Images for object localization
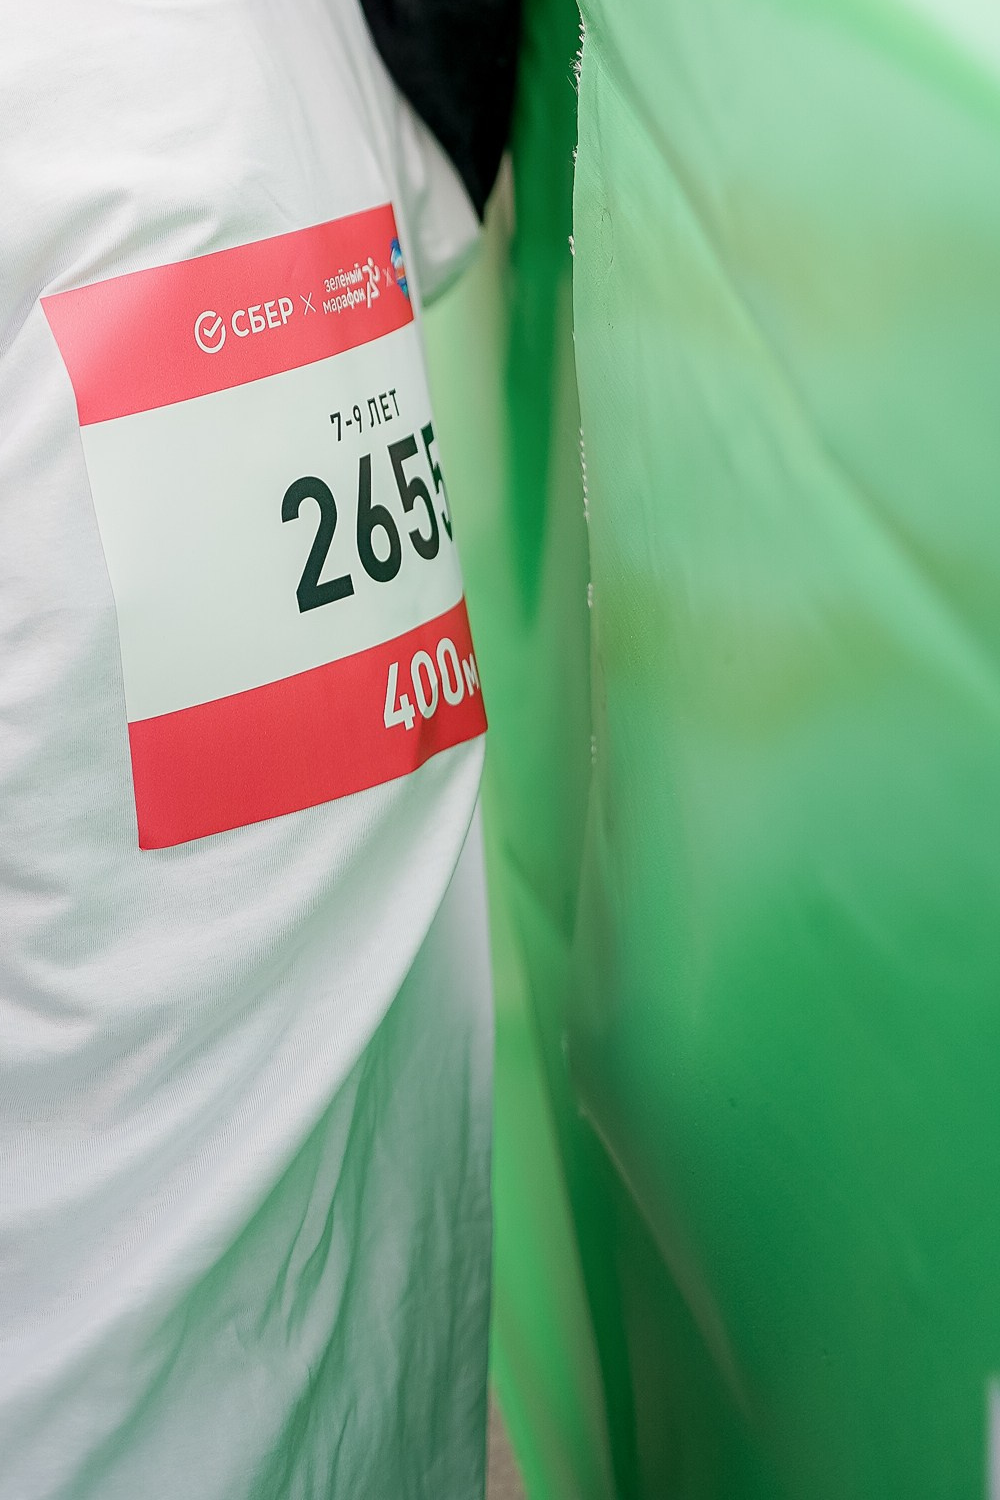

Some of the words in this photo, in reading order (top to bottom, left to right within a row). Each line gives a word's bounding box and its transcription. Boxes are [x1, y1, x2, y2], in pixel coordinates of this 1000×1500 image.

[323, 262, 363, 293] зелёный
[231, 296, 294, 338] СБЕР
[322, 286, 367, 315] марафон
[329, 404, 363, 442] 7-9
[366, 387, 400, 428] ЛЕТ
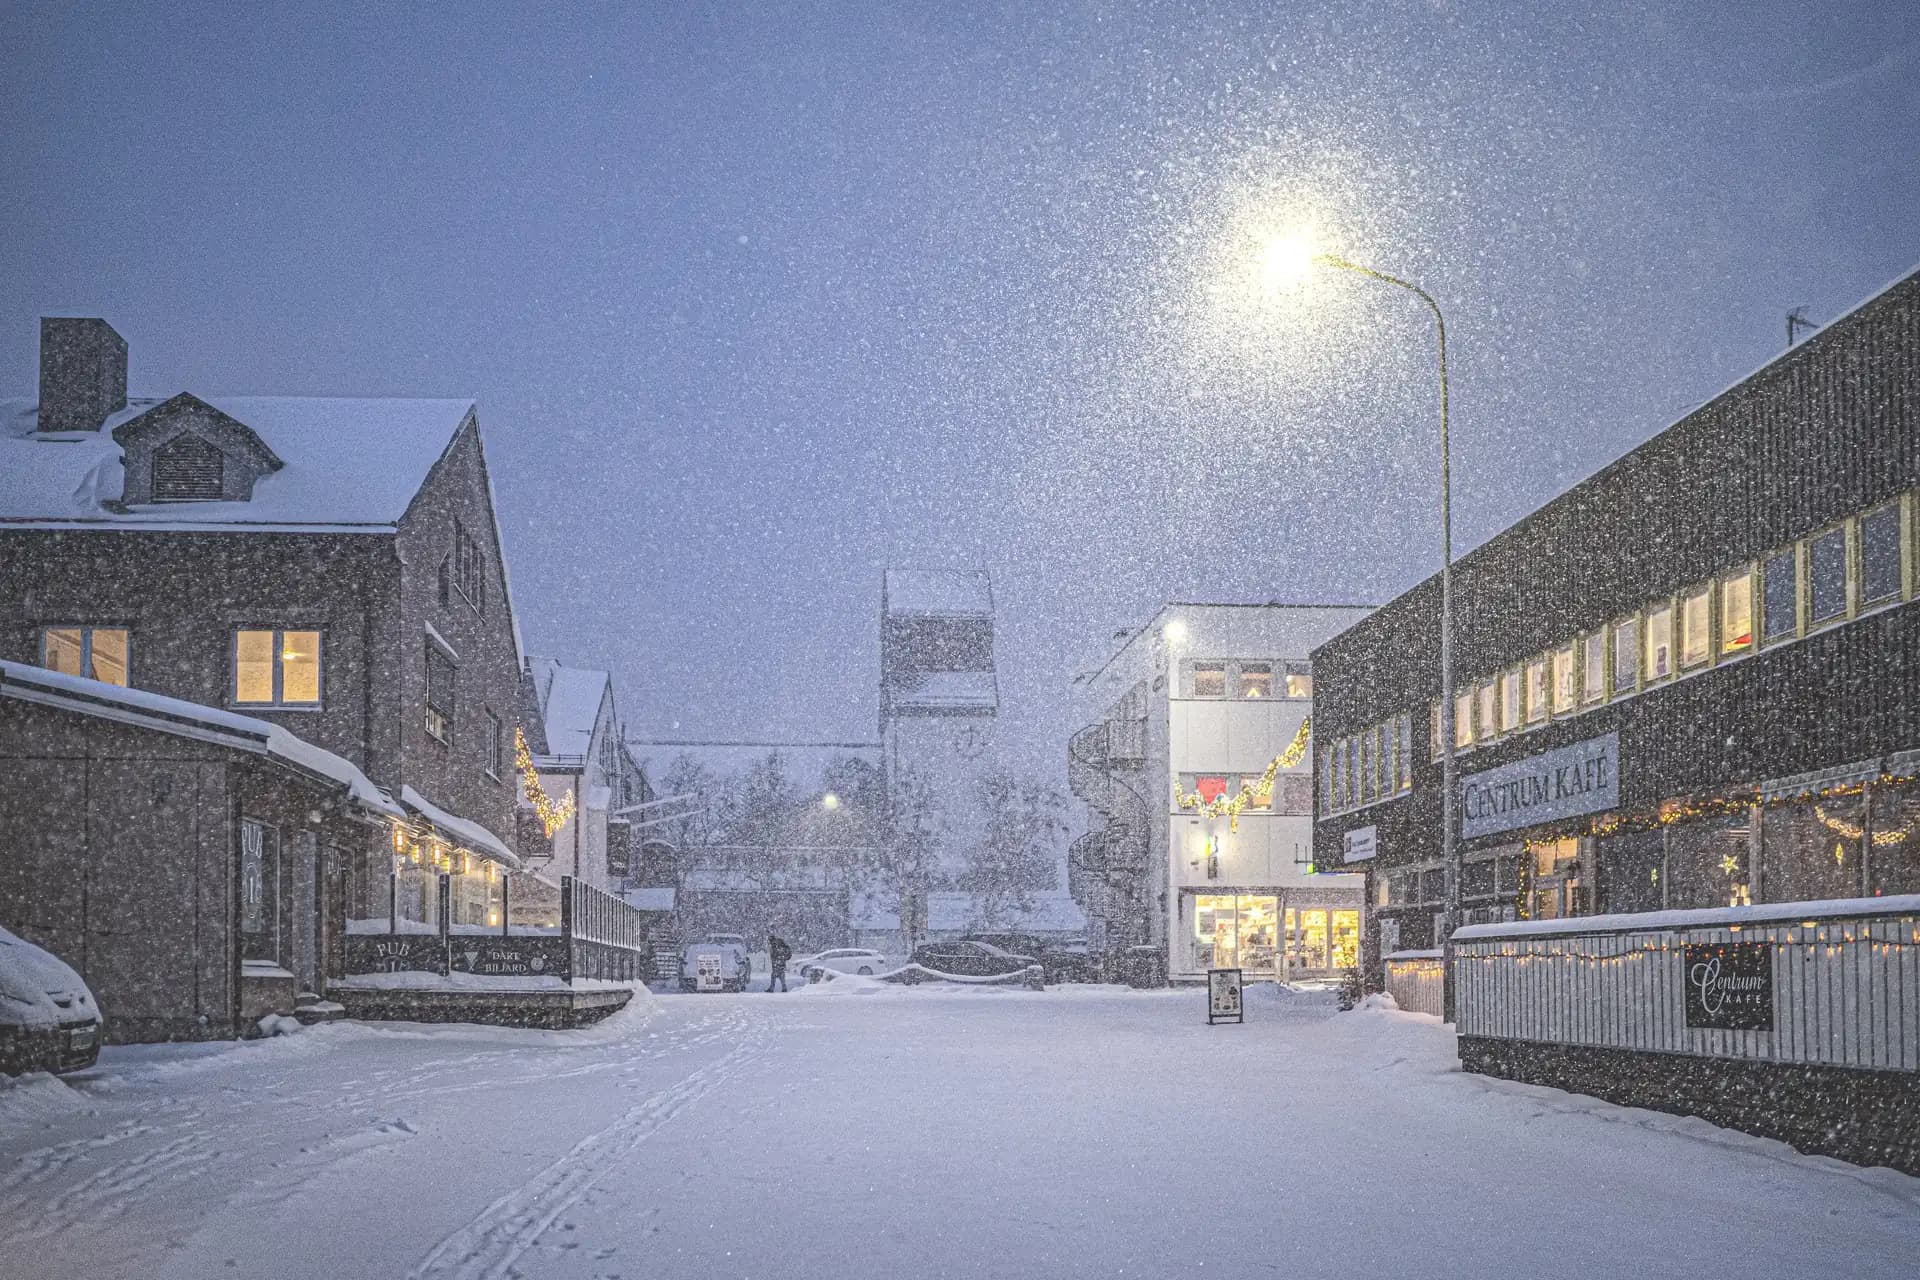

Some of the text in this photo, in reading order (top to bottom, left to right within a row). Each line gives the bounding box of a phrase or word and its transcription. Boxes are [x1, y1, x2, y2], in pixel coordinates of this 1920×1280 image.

AIM OF THE TASK:
Could you print all the entries exactly as they stand, with the pictures left out?

WORKED SOLUTION:
Some of the words in this photo, in reading order (top to bottom, left to right within a row). Each line gives a word's bounding box and its transcription. Boxes are [x1, y1, x2, y2], in pixel coordinates of this 1000×1500 image.

[323, 262, 363, 293] зелёный
[231, 296, 294, 338] СБЕР
[322, 286, 367, 315] марафон
[329, 404, 363, 442] 7-9
[366, 387, 400, 428] ЛЕТ

Some of the text in this photo, in reading order (top to bottom, left to right within a row). Each line gives the bounding box of a phrase or word and its transcription. Boxes are [x1, y1, x2, y2], in pixel coordinates of this 1920×1280 image.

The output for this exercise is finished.